On the side, I am a perfect houseguest. I have the temperament for it. Being a designer teaches you the habit of neatness, and an appreciation for a sense of order not your own. Being a houseguest allows you to fantasize with no one crowding you. After all, you are but a guest, an adornment. Your object is to give pleasure to your hosts. Lolling around in other people's houses allows your mind to drift. Inspired by my surroundings, I indulge myself in this lazy, scene-setting kind of thought. For example: a big yellow moon; the kitchen of an old house in an academic community. On the window ledge a jar of homemade jam, a pot of chives, a cutting of grape ivy in a cracked mug. A big dog sleeps in front of the stove. If you open the window, you feel the crisp October air. An apple pie or a loaf of bread is in the oven, and the house is warm with the scent of it. You wonder if it is time to deal with the last pumpkin, or to pickle the, basket of green tomatoes. In the study, your husband is drowsing over an elevating book, a university-press book in blue wrappers. You are wearing a corduroy skirt, a chic blouse, and a sweater of your husband's is tied around your shoulders. You are a woman contemplating seasonal change.

Or you go to the Martins on a rainy night. They occupy two floors of a Victorian brownstone, and as you contemplate the polished moldings and watch the rain through the leaded windows, you feel you are in England in the spring-in a little house in Devizes, say, or Bexhill-on-Sea. Your children have just been put to bed. You have finished reading a book on the life of Joseph Wright of Derby. There is a knock on the door. You start up. Your husband is away, and it is foggy outside. At the door is an old lover, someone who broke your heart, who is in England on business and has tracked you down.
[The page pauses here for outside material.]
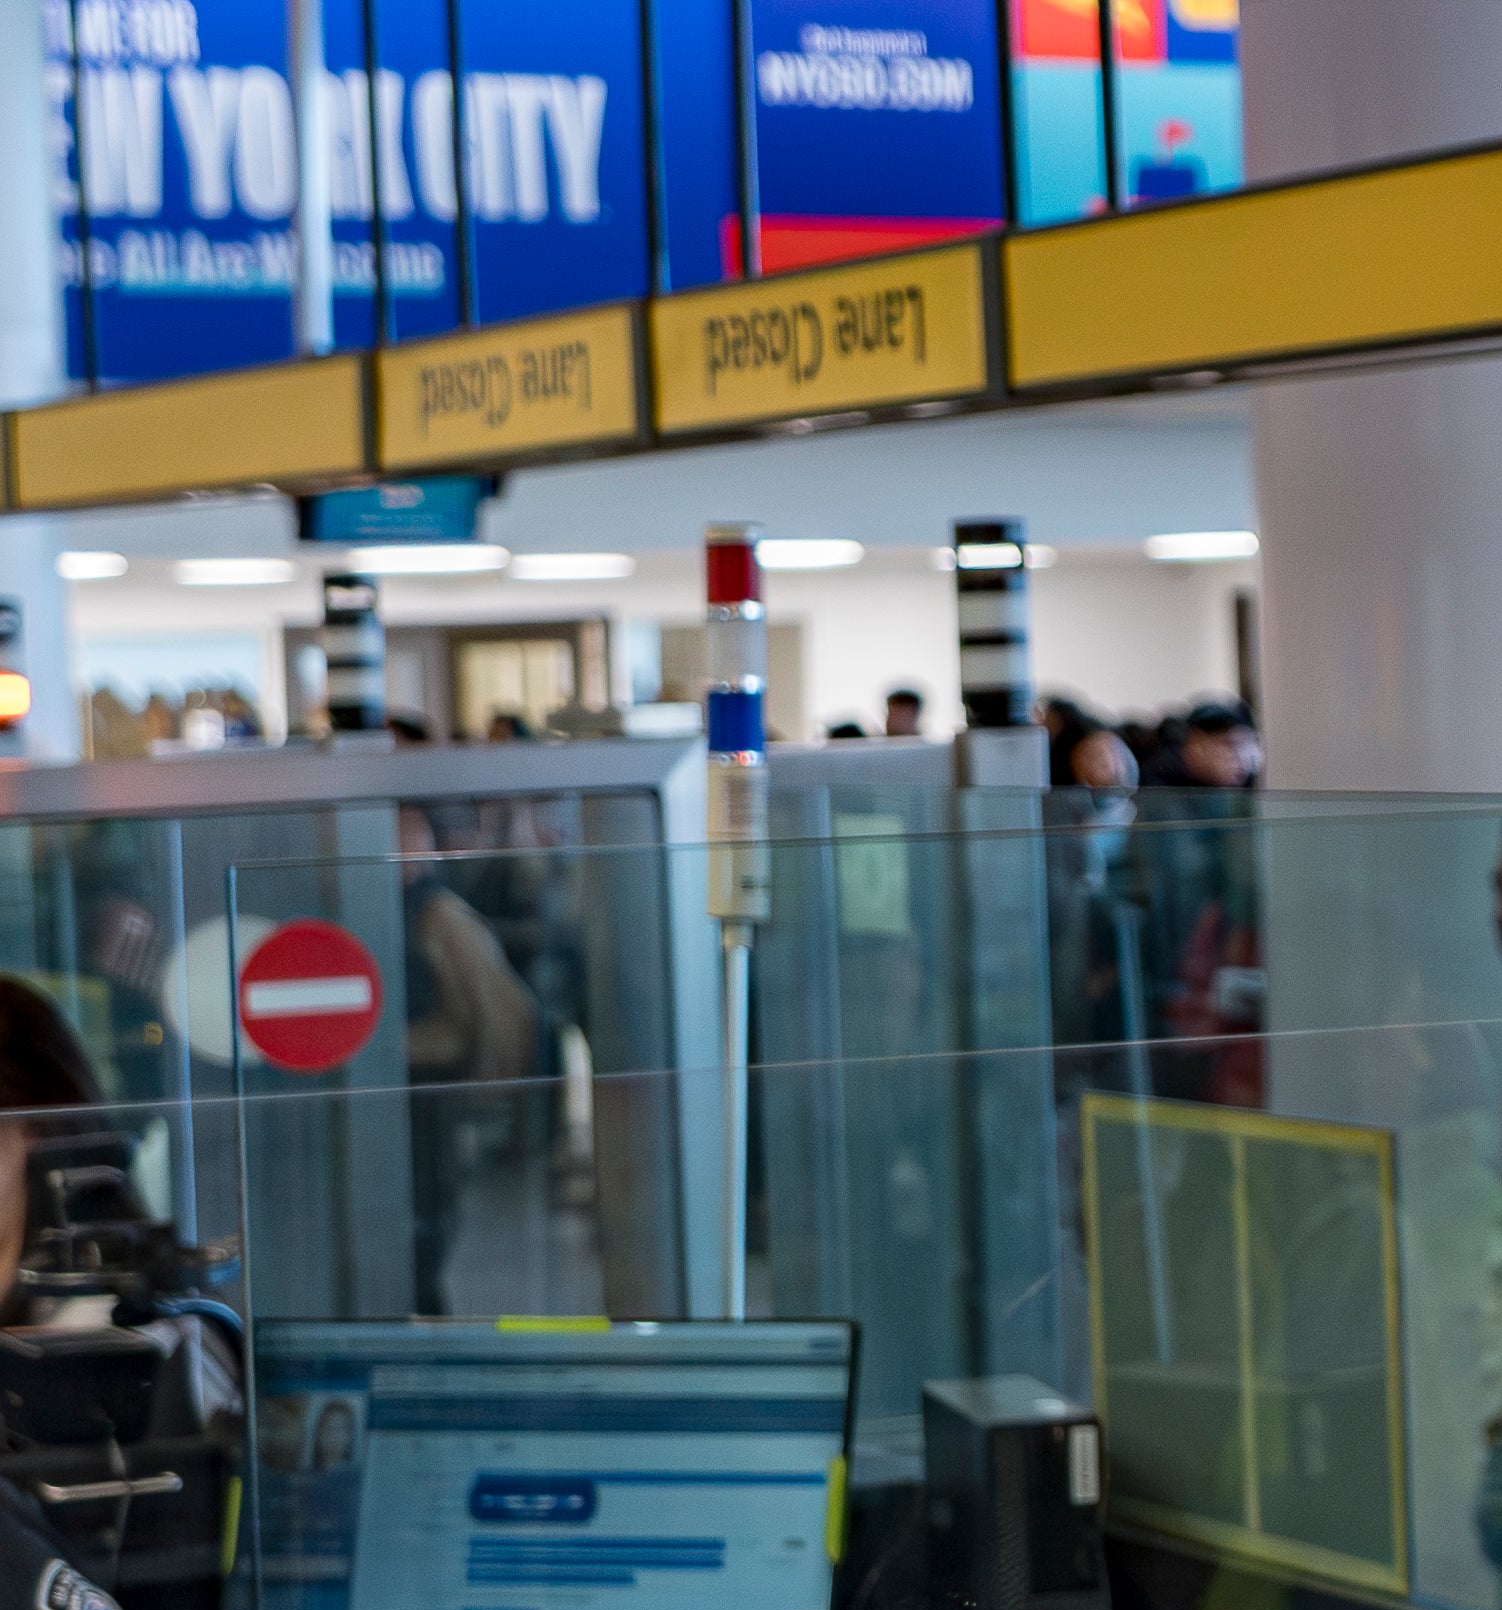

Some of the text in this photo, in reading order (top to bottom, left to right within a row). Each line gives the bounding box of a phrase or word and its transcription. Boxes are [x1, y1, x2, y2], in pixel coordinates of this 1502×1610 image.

Of course, the fact of the matter is that you live in a flat in New York. Your work is done at an oak drawing table, surrounded by pots of brushes and pens. In other people's houses your perspective widens. You contemplate the Martins' old Spode platter. You know the burn on their dining-room table -- the only flaw in its walnut surface -- is from Paul's cigar, placed there the night before Ben was born. These details feed the imagination.

Oh, domesticity! The wonder of dinner plates and cream pitchers. You know your friends by their ornaments. You want everything. If Mrs. A. has her mama's old jelly mold, you want one, too, and everything that goes with it -- the family, the tradition, the years of having jelly molded in it. We domestic sensualists live in a state of longing, no, matter how comfortable our own places are.